GOAL OF THE EXERCISE >>
A word-for-word copy of the records is needed, with every picture left out.

━━ DATA SHOWN ━━

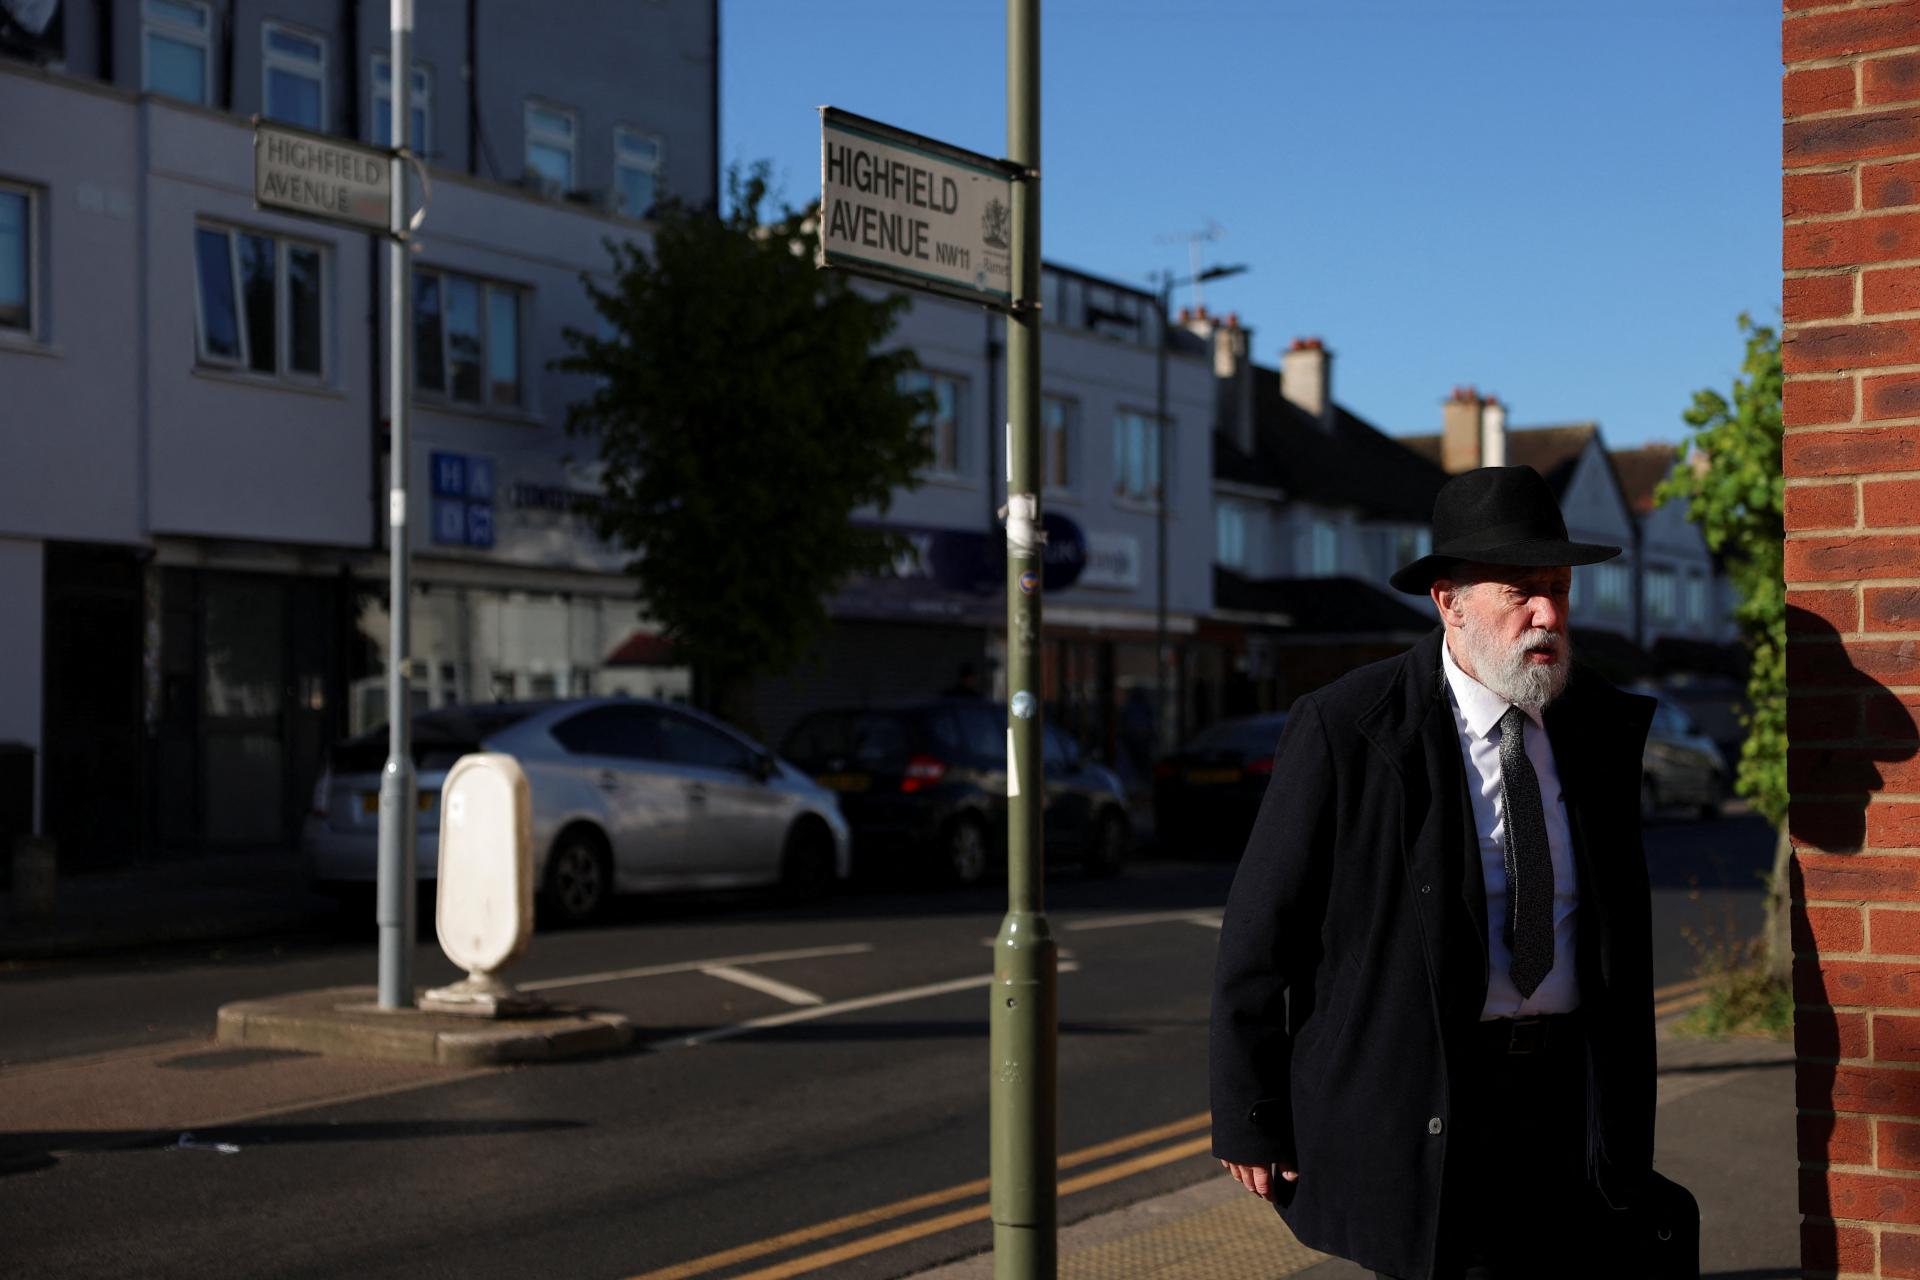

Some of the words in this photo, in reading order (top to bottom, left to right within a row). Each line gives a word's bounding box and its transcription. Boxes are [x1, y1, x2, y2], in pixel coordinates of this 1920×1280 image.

[268, 136, 380, 185] HIGHFIELD
[828, 142, 958, 215] HIGHFIELD
[263, 171, 349, 213] AVENUE
[830, 199, 929, 260] AVENUE
[936, 242, 970, 270] NW11

━━━

RESPONSE TO THIS TASK >>
Some of the words in this photo, in reading order (top to bottom, left to right within a row). Each line gives a word's bounding box and its transcription. Boxes are [x1, y1, x2, y2], in pixel coordinates of this 1920×1280 image.

[268, 136, 380, 185] HIGHFIELD
[828, 142, 958, 215] HIGHFIELD
[263, 171, 349, 213] AVENUE
[830, 199, 929, 260] AVENUE
[936, 242, 970, 270] NW11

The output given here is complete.